The application contained the following question: "Do you agree that the falsity of any answer in this application for a policy shall bar the right to recover thereunder if such answer is made with intent to deceive or materially affects either the acceptance of the risk or the hazard assumed by the company, and that the application shall not be binding upon the company until accepted by the company, and the first premium actually paid?" The plaintiff answered, "Yes." The application was made a part of the contract of insurance.
Section 46-131, Oregon Code 1930, provides:
"Every contract of insurance shall be construed according to the terms and conditions of the policy, except where the contract is made pursuant to a written application therefor, and such written application is intended to be made a part of the insurance contract; unless as otherwise provided by this act, if the company shall deliver a copy of such application to the assured, thereupon such application shall become a part of the insurance contract. Provided, that matters stated in the application shall be deemed to be representations and not warranties. And failing so to do *Page 101 it shall not be made a part of the insurance contract. Provided, however, that the provisions of this section shall not apply to fidelity and surety contracts."

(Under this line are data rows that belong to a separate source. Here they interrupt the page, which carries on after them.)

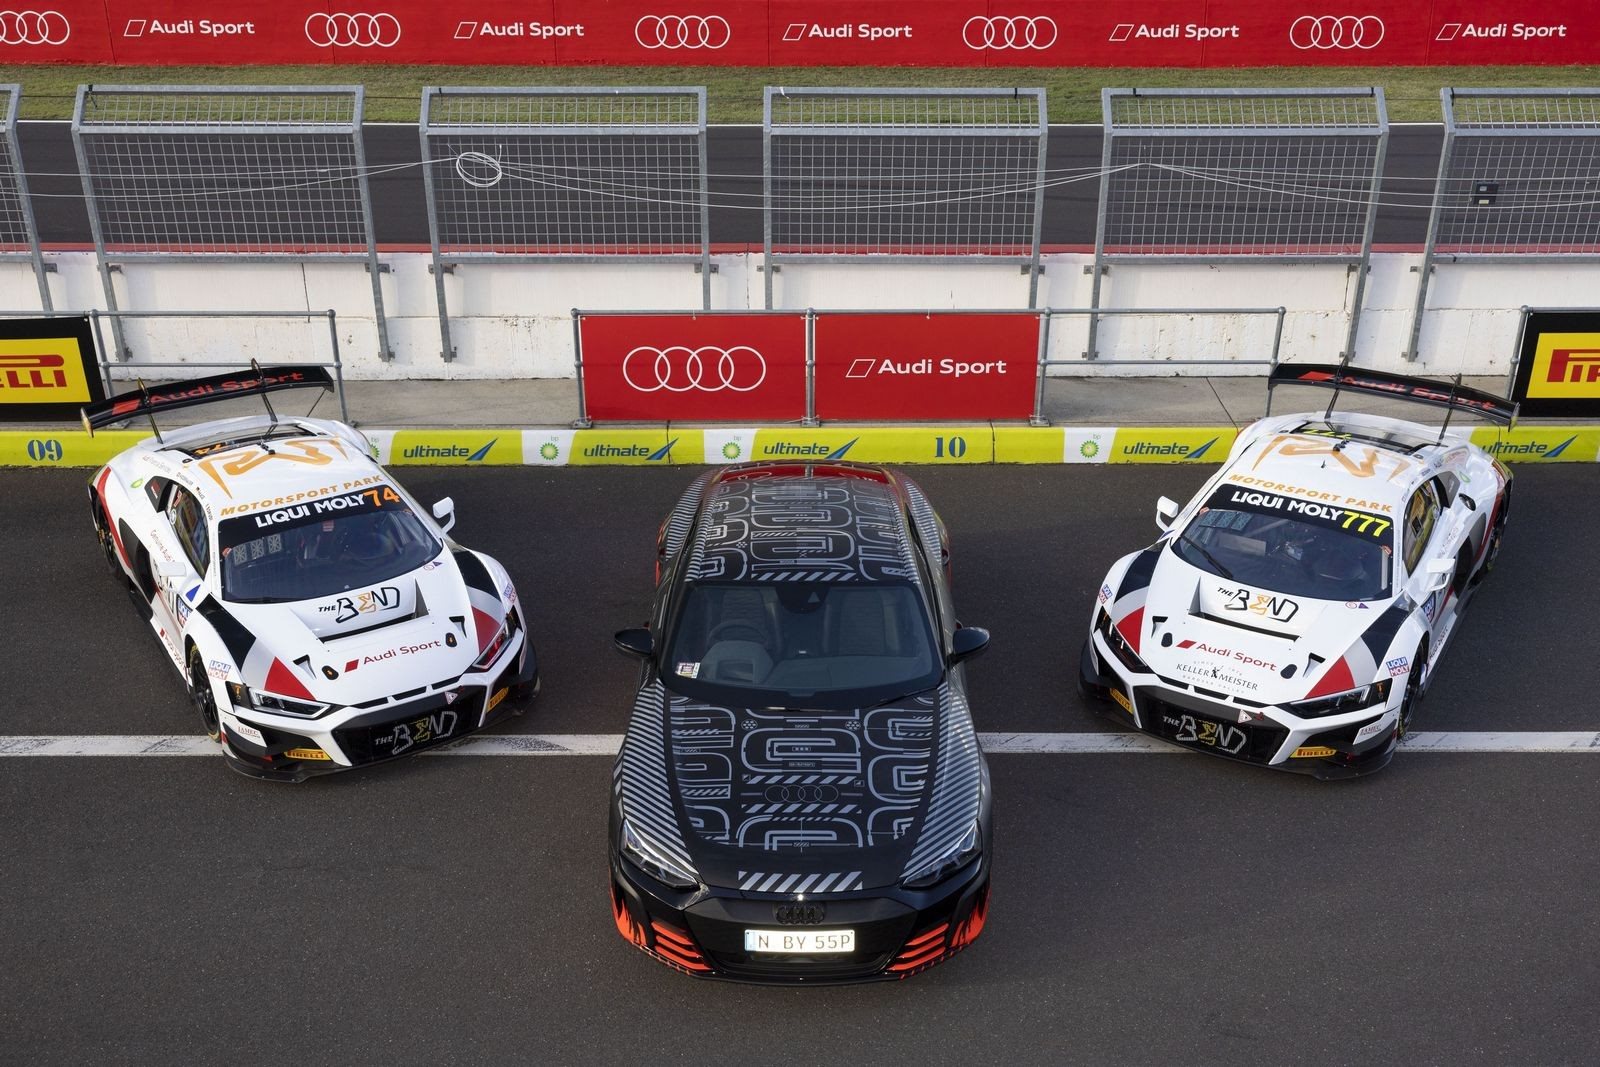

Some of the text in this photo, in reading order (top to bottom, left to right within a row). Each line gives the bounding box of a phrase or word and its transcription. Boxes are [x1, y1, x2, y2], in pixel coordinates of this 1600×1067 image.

[150, 20, 254, 36] Audi Sport
[480, 22, 584, 39] Audi Sport
[808, 24, 912, 40] Audi Sport
[1136, 24, 1239, 40] Audi Sport
[1462, 23, 1566, 40] Audi Sport
[878, 359, 1006, 377] Audi Sport
[151, 371, 304, 405] Audi Sport
[27, 439, 63, 461] 09
[404, 444, 469, 458] ultimate
[584, 444, 649, 457] ultimate
[764, 444, 829, 457] ultimate
[934, 436, 966, 458] 10
[1123, 441, 1189, 456] ultimate
[220, 484, 338, 517] MOTORSPORT
[343, 474, 383, 490] PARK
[363, 487, 401, 507] 74
[1228, 474, 1393, 513] MOTORSPORT PARK
[255, 494, 366, 528] LIQUI MOLY
[1231, 490, 1345, 521] LIQUI MOLY
[1341, 510, 1391, 538] 777
[1217, 587, 1234, 597] THE
[318, 604, 337, 613] THE
[363, 640, 442, 665] Audi Sport
[1196, 643, 1231, 657] Audi
[1233, 652, 1277, 671] Sport
[209, 659, 232, 672] LIQUI
[1387, 657, 1408, 669] LIQUI
[1176, 663, 1209, 677] KELLER
[1218, 673, 1258, 691] MEISTER
[1389, 666, 1410, 677] MOLY
[287, 749, 325, 759] PIRELLI
[1296, 748, 1335, 757] PIRELLI
[758, 934, 851, 950] N BY 55P

In the circuit court the taking of testimony was confined to the issues presented by the cross-complaint which prayed for a decree cancelling the policy. The evidence disclosed that eleven years before the plaintiff applied for this policy he had secured from The Penn Mutual Life Insurance Company, a regular insurance company, an endowment policy wherein that company promised to pay him the sum of $3,500, and in the event that his death occurred prior to the payment of that sum, to pay $3,500 to his widow and children. The policy also contained a provision whereby the company agreed to pay him $35 per month in the event that he should suffer a total permanent disability prior to the time that he reached the age of 60. The defendant contends that the aforementioned question in the application could not be truthfully answered by the plaintiff without mention of his Penn Mutual policy, and that since he answered the question with the word "None," the defendant is entitled to a decree of cancellation.
The predominant feature of The Penn Mutual Life Insurance Company policy was life insurance. The provision for protection against total permanent disability sustained by the insured before reaching the age of 60 was an incidental provision as distinguished from the principal undertaking of the policy. The life insurance was payable in all events, whereas the disability insurance was payable only conditionally.

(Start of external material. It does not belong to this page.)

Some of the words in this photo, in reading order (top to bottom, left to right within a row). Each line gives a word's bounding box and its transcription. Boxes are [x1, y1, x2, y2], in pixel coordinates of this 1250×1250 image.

The real question is: Did the defendant have a right to expect that those solicited by its agents who *Page 102 possessed life policies with incidental disability features would answer this question by mentioning those policies. It is now a demonstrated fact that the plaintiff did not understand that the question was aimed at his Penn Mutual policy. There is no contention that he sought to deceive or was actuated by any improper motive. He was an intelligent man, receiving a salary of $400 a month, and occupying a position with a responsible concern engaged in educational undertakings. The defendant's agent who sold him this policy, and who had previously sold him other policies, was present and wrote the plaintiff's answers. It is a matter of common knowledge that such agents assist the applicant in interpreting the questions and formulating their answers; yet the plaintiff, an intelligent business man, with the help of the defendant's agent, and aided by past experience in procuring insurance, did not place upon the defendant's questions the interpretation which it says he should have placed thereon.

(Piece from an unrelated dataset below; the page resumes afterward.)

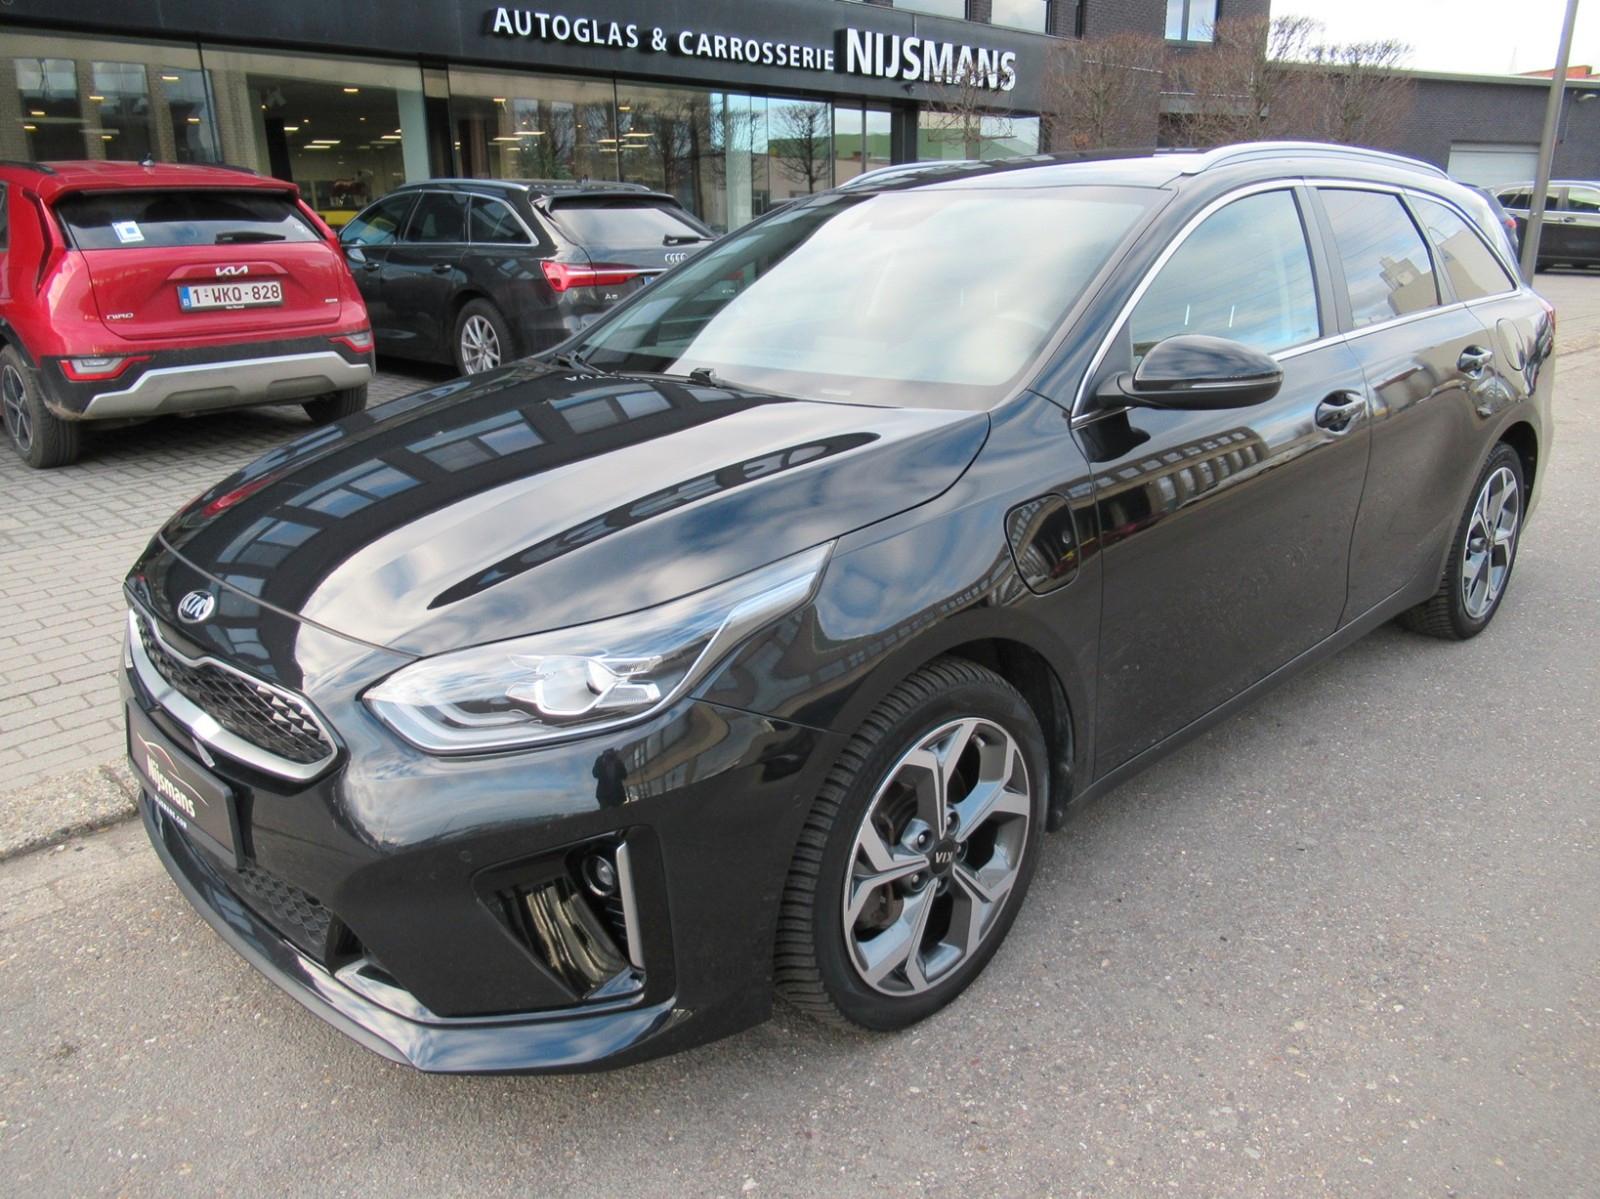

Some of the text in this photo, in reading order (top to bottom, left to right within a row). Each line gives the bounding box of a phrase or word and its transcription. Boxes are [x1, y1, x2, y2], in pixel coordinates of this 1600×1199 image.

In determining what meaning should be assigned to the questions and answers, we should remember that the questions were prepared by the insurance company. Very likely they were formulated by its actuaries after much reflection, and with the assistance of attorneys aware of the interpretation which had been placed by the courts upon similar questions. When the insurance company prepared the questions it had already planned what consequences should attach if subsequent investigation disclosed that an applicant had made apparently untrue answers to a question. Since it planned that cancellation of the policy should occur in such an instance, and since the applicant would thereupon be unable to obtain protection against the *Page 103 unfortunate event which had already occurred, the company was cautioned of the necessity of framing its questions in language incapable of ambiguous meaning.
Let us now consider how the courts have construed the language of policies of insurance, especially of the applications forming a part of the policy. They have frequently pointed out that since the application was prepared by the company, ambiguities will be construed against it, and that words susceptible of two reasonable constructions will be given the one most favorable to the insured so as to avoid a forfeiture:Wharton v. Aetna Life Insurance Company,
The foregoing are the rules of construction applied to the language of applications. If the insurance company really wanted to know what sums of money insurance companies had contracted to pay to the plaintiff in the event of his disability it would have asked that specific question, and if it wanted the names of the insurance companies a question asking for their names would have followed the question just suggested. Instead of employing such questions it asked the applicant, "What accident or health insurance have you in other companies or associations?" The words "accident or health insurance" might mean a policy providing for nothing but disability insurance, or it might mean a life insurance policy with a collateral provision providing for protection against disability. We believe that many laymen would construe the question to mean disability insurance; but it now develops that the company intended it to include straight life insurance containing an incidental provision for protection against disability. The challenged answer is to a question which is immediately preceded by the one which we shall now quote: "Do your average weekly earnings exceed the aggregate single indemnity payable under this policy and all other similar policies now carried by you?" The use of the word "similar" is significant and could readily confine the applicant's attention to straight policies of accident and health insurance. No question preceding the challenged one mentions life insurance, but immediately following the challenged question three questions concern themselves with life insurance. These circumstances which seem *Page 105 to differentiate between health or accident insurance and life insurance likewise could cause the applicant to assume that the company had differentiated between the two forms of insurance and had confined its inquiries concerning life insurance policies to those following the challenged question.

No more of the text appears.